Analysts and investors are casting a critical eye on Permian oil producers after a spate of drilling mistakes. Diamondback’s woes come just three months after rival explorer Concho Resources Inc. lost about $5 billion in market value after crowding 23 wells too closely together.

Two of shale oil’s earliest innovators are warning the boom is about to fizzle.

‘Wow, Were We Wrong’. Analysts and investors had been cautious going into Diamondback’s third-quarter earnings. “We strongly believed sentiment was overly negative heading into the print,” said Scotiabank’s Matt Sorenson, one of more than three dozen analysts who has a buy recommendation on the stock. “Wow, were we wrong.“

Diamondback, heralded by analysts as an industry leader, has no hold or sell ratings, according to data compiled by Bloomberg.

Cowen analyst David Deckelbaum said the company’s third-quarter oil production miss was “widely expected” but worse than the bank’s estimate.

Challenges with well spacing, rising gas-to-oil ratios and depressed commodity prices are hitting the shale industry hard, and many explorers have vowed to slow output growth in a bid to generate free cash flow. Occidental Petroleum Corp., Apache Corp., Cimarex Energy Co. and Pioneer Natural Resources Co. all are trimming budgets.
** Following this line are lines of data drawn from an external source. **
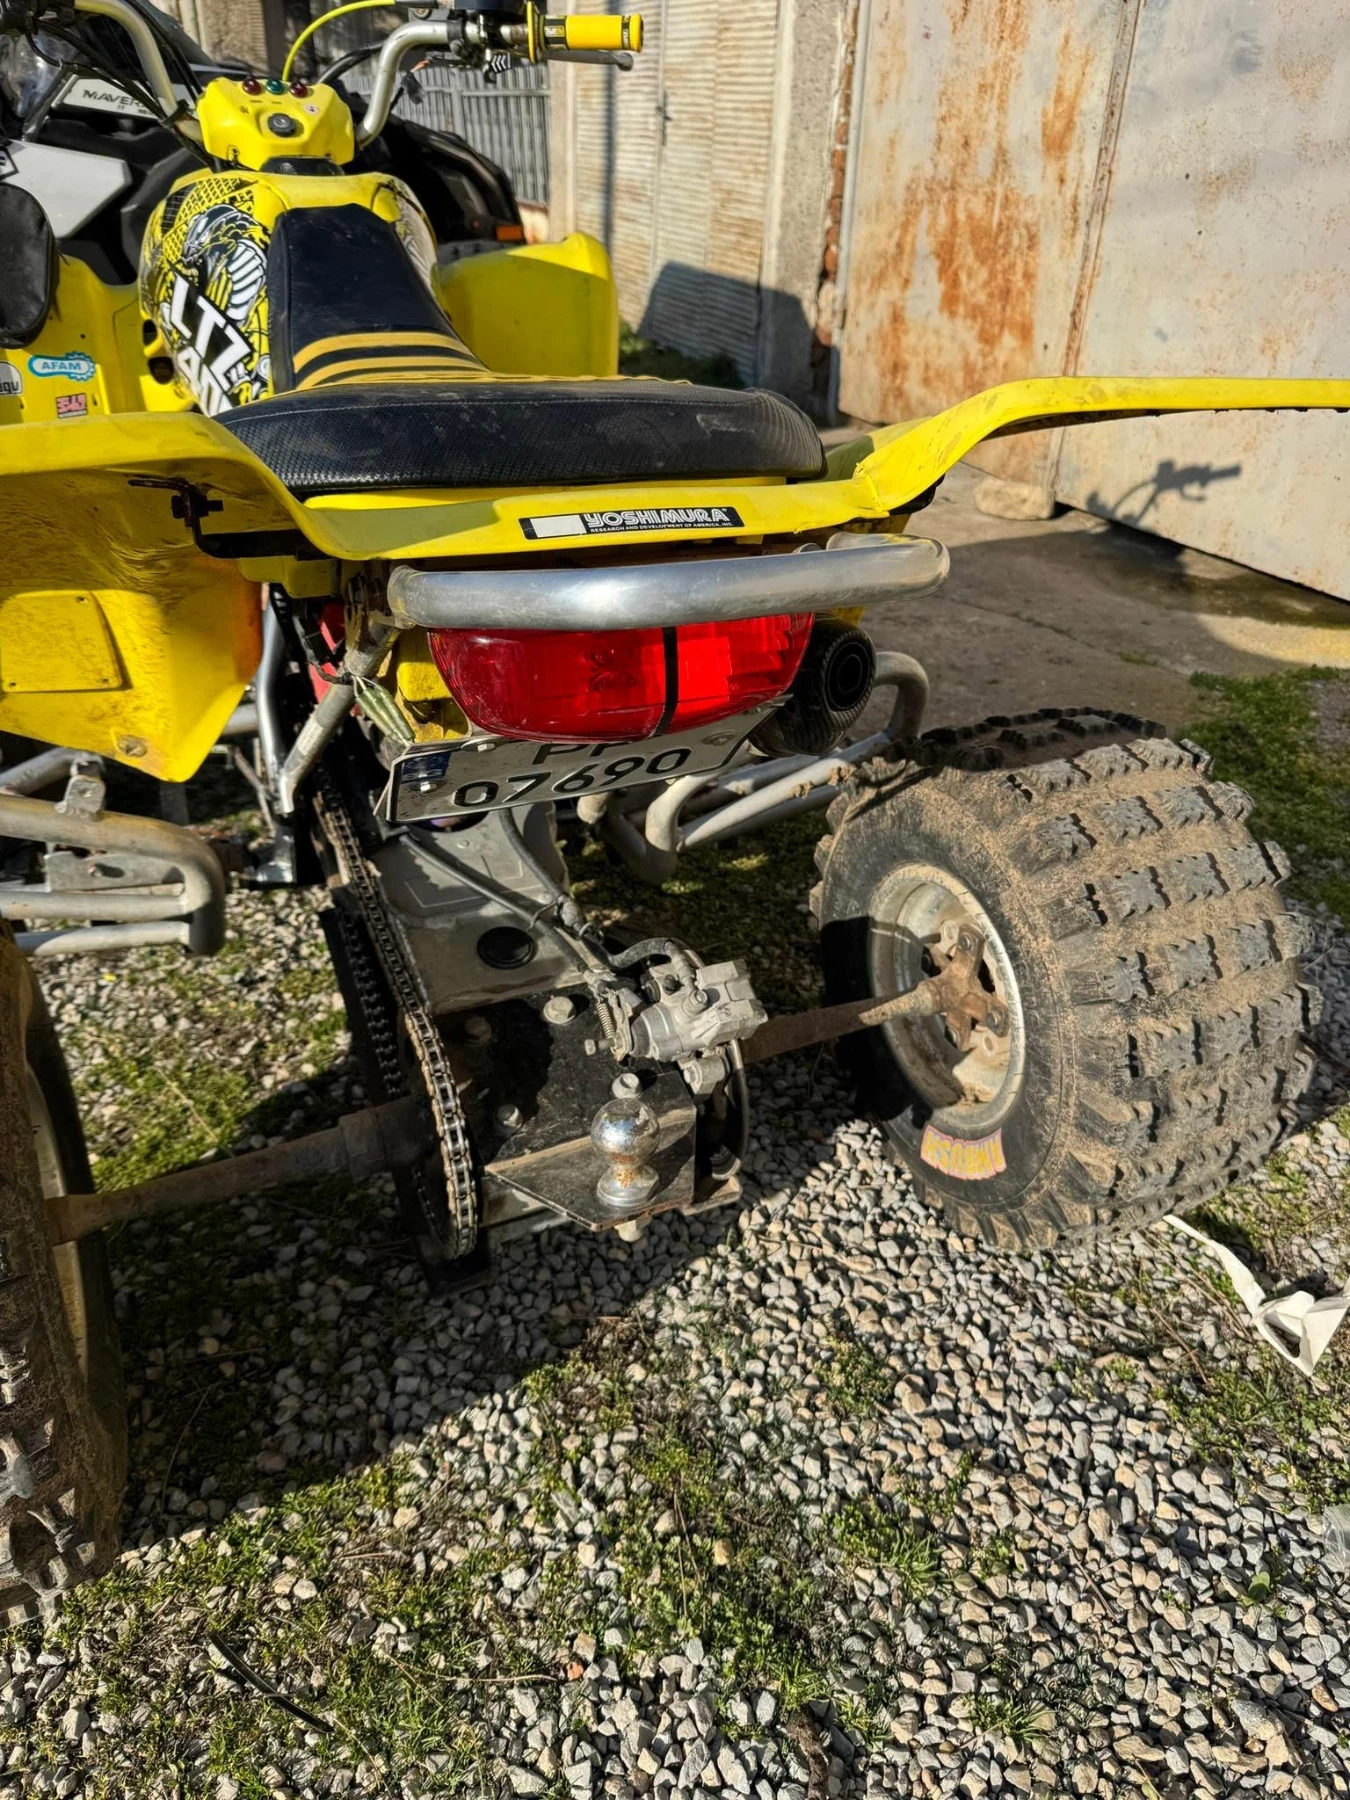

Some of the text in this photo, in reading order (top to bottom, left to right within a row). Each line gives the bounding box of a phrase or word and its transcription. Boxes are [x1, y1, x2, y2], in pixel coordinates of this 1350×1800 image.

[41, 361, 81, 371] AFAM
[584, 508, 730, 528] YOSHIMURA
[590, 525, 625, 533] RESEARCH
[640, 522, 683, 530] DEVELOPMENT
[453, 748, 692, 807] 07690
[922, 1126, 1006, 1179] AMBUSH
Diamondback “did the old classic, and we say it yet once again, of over-promising and under-delivering,” Paul Sankey, an analyst at Mizuho Securities USA LLC, wrote in a note to clients.

Shrinking Oil Cut. Diamondback’s total output was 65% crude oil during the third quarter, with the rest comprised of natural gas and gas byproducts. That was the company’s worst ratio since at least 2011, according to Bloomberg data, and a bane to investors because it means the company is more exposed to depressed gas markets. Diamondback now expects oil to make up 66% to 67% of its total production for the year, down from previous guidance of 68% to 70%.
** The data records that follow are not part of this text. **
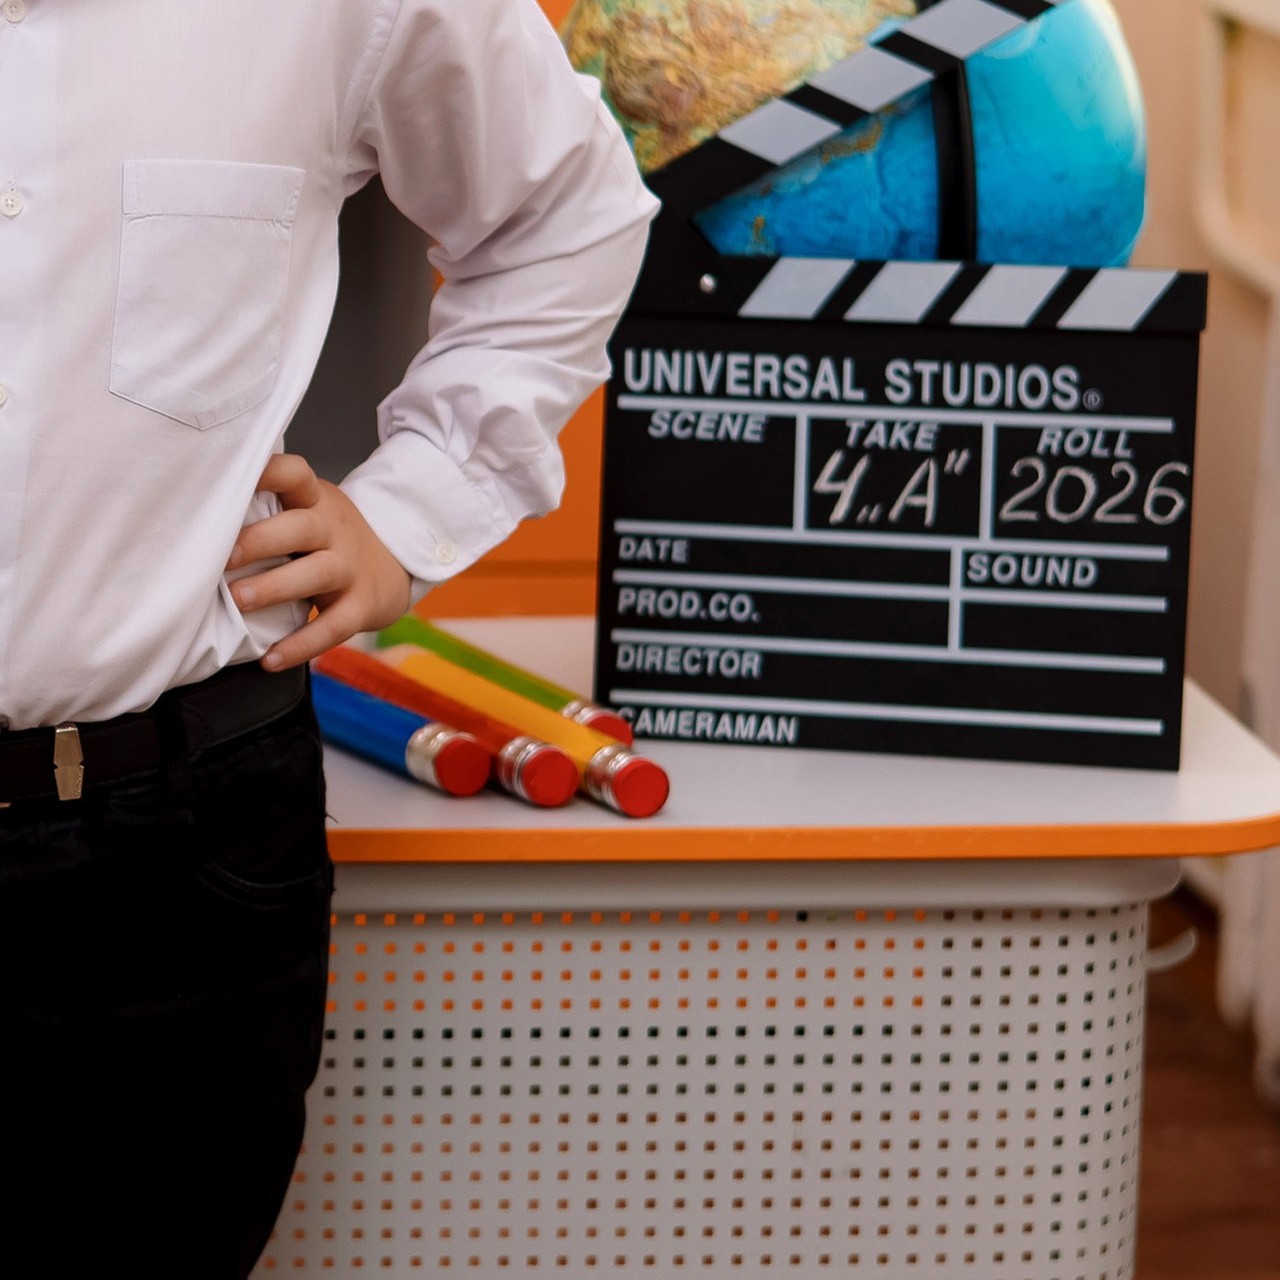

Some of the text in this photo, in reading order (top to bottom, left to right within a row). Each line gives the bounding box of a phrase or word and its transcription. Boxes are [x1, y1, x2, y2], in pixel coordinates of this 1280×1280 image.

[623, 347, 866, 401] UNIVERSAL
[647, 409, 767, 443] SCENE
[845, 417, 939, 451] TAKE
[1036, 427, 1134, 458] ROLL
[998, 456, 1190, 525] 2026
[618, 536, 690, 563] DATE
[966, 552, 1098, 587] SOUND
[617, 586, 761, 623] PROD.CO.
[616, 643, 762, 679] DIRECTOR
During the quarter, the company fetched, on average, $51.71 for each barrel of crude, $11.61 per barrel of natural gas liquids and just $0.62 for every million cubic feet of gas. Diamondback said it expects oil and gas prices to improve through the rest of the year and into next as new pipelines enter service.

Stice cited the company’s sale of an asset in a Permian region known as the Central Basin Platform for much of the drop in crude production. Excluding the impact of that deal, oil output actually rose, he said.

Diamondback also said it bought back almost 3 million shares for about $296 million in the quarter, as part of a program to repurchase $2 billion of stock by the end of next year.

“The company intends to purchase stock under the repurchase program opportunistically with funds from cash generated from operations and liquidity events such as the sale of assets,” the driller said in a statement, adding that the program can be stopped or suspended at any time.

Diamondback shares fell 13% to $78.53 at 11:06 a.m. in New York on Wednesday.